The historical descriptions given on the information leaflets together with the actual displays of genuine historical artefacts was an eye opener to me. I am reasonably well read in European Intellectual history as well as in Philosophy (apologize already now for a later rambling indulgence); I think I have mentioned somewhere that did one semester studying Classical Mythology in Rome pairing it with art history and literature -Classical as well as Baroque to get a better grasp of allegorical representations of Mythological subjects in writing, architecture and Arts- but coming from a rather Barbarian country, who – thanx heavens – (and sorry if I offend someone!) –have kept their love and closeness to the wilderness somewhat intact - never really have had the opportunity before now to see this amazing wealth of artifacts combined with the scientific understanding juxtaposed and contextualized in the historical setting – and place! - in the way they manage to do here (Rome is WONDERFUL, but it is, after all, the city where the Vatican is placed… so they do not overdo the Scientific approach to things, do they, competing for positions at the Papal Court … sorry again…))
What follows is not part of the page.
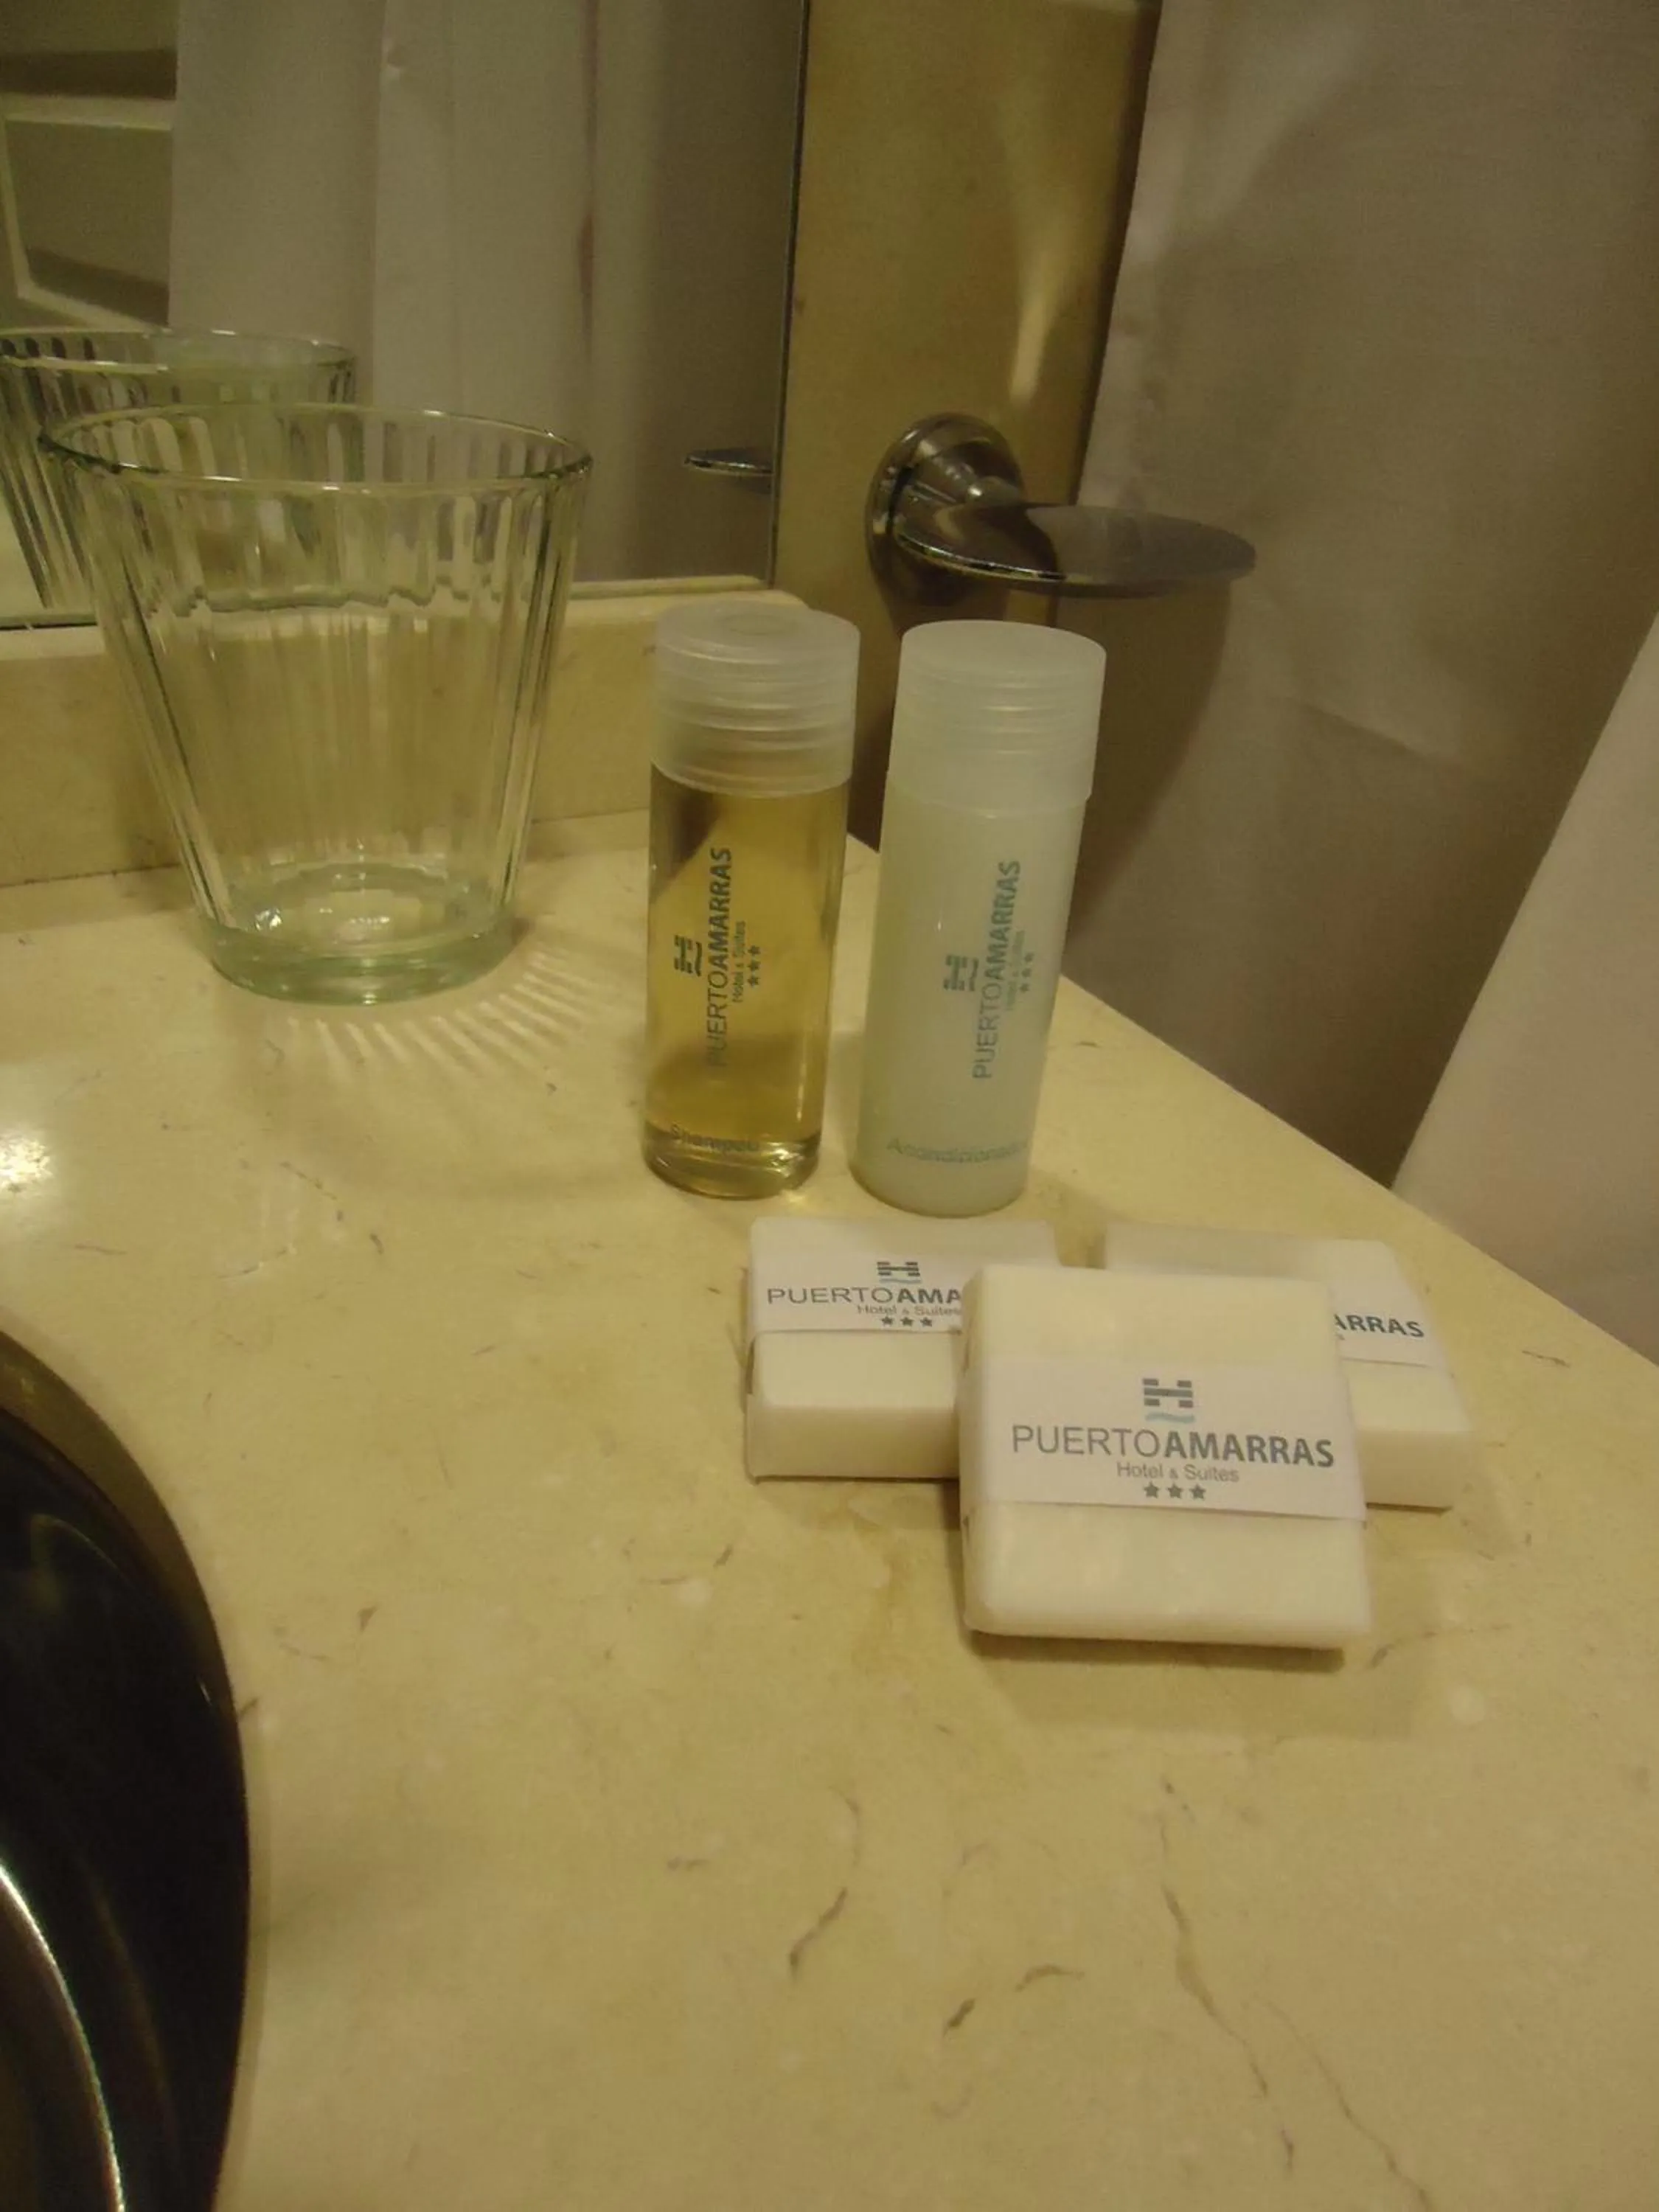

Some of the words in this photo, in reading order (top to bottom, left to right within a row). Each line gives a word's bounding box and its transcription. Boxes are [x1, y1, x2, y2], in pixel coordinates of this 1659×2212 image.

Allow me to take one example that for me helped to put things into context and grabbed my attention.


Have a look at this painting. It seems a bit oversweet and kinda… kitchy, no? I walked by giving it no special attention, but as I grabbed one of the forementioned explanation sheets and put myself comfortable to read (yes, I did spend about 5-6 hours there, and I DID read it all…) I nearly jumped out of my comfy sofa to get a closer look (and take this photo)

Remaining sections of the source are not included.